Our Holiday Wish List

A Pail

We're looking for a sturdy pail to scoop dirt with; preferably a die-cast HandyMan model with a swivel handle. We'll be using it to dig up a pile of dirt in the backyard approximately one city block wide and nineteen miles high. That's the estimated amount of earth excavated during the tortuous 40-year construction of the Panama Canal. Discovery Online has an interactive timeline about the project for interested Web surfers, but we want to actually live the Panama Canal experience. We'll be digging dirt eighteen hours a day, sleeping in mud, eating bark, and eventually contracting Yellow Fever and perishing. It'll be a small price to pay for recreating one of the greatest structural achievements in world history. We have the will, we just need the bucket.

A Velvet Smoking Jacket

We really need a velvet smoking jacket--the kind that that fits in well at wine and cheese poetry readings.
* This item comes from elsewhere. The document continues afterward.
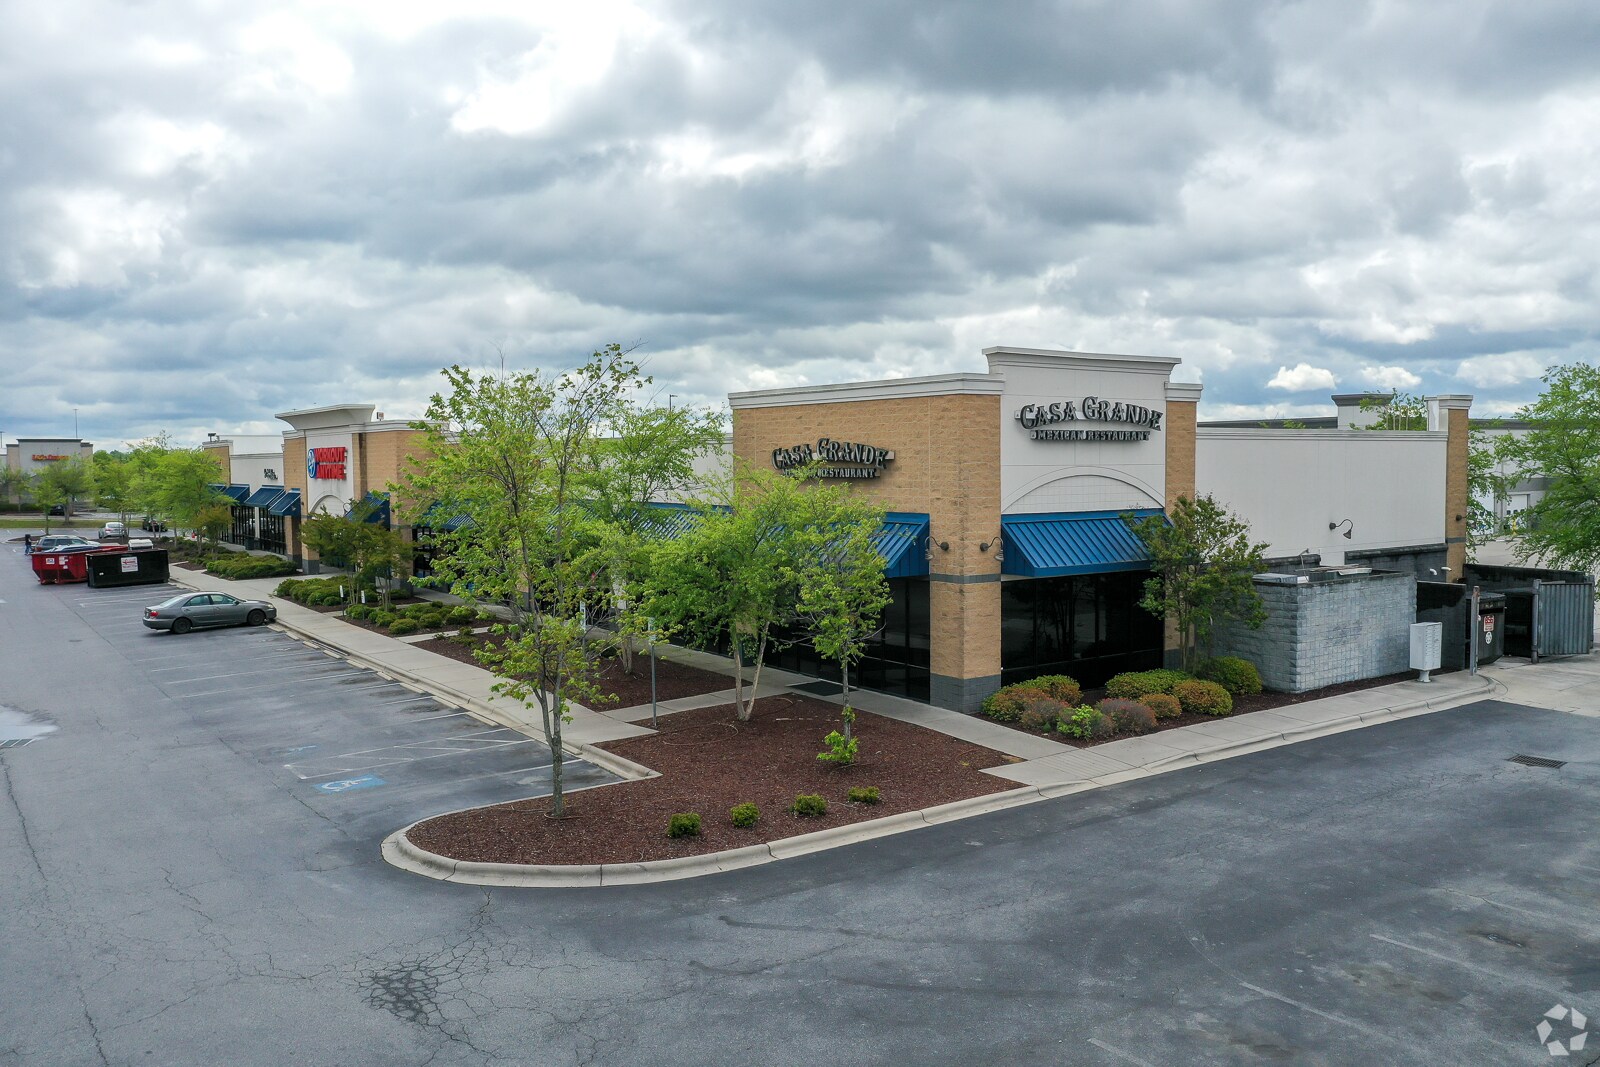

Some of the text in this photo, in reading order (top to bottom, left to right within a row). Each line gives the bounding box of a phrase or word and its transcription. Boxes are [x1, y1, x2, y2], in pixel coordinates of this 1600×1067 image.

[1020, 396, 1163, 431] CASA GRANDE
[1035, 430, 1151, 441] MEXICAN RESTAURANT
[772, 438, 889, 470] CASA GRANDE
It's a New Year's resolution we have -- to attend more poetry readings -- inspired by the late, great James McIntyre, aka "The Chaucer of Cheese." If you don't know McIntyre's work, definitely check him out. A prolific poet, he is best known for his "dairy oeuvre," or cheese poems. "Ode to a Grecian Butter Urn," "To brie or not to brie"--that kind of thing. In fact, just the other evening we had a particularly rousing time sitting around quoting from his "Ode on the Mammoth Cheese" (about a seven thousand pound chunk of the yellow stuff) while munching on a nice bit of Gorgonzola. Yum! Break out the Jarlsberg, it's time to rhyme!

An Erector Set

We're trying to construct an exact 1:1200 scale model of the Golden Gate Bridge, for a Super 8 film we're planning called "Attack of Humphrey the Giant Scary Gerbil Monster." In a series of horrifying disaster scenes, the film will feature Humphrey systematically destroying every single famous American structural landmark. We're basing our set designs on Built In America, a vast collection of photographs, blueprints, and sketches detailing some of this country's most famous buildings. Thanks to "Built in America," Humphrey will soon be rompin' and stompin' on such beloved architectural landmarks as the Xavier del Bac Mission in Tucson, Arizona, and the Beebe Windmill in Bridgehampton, New York. We've got the talent (Humphrey), we just need the erector set.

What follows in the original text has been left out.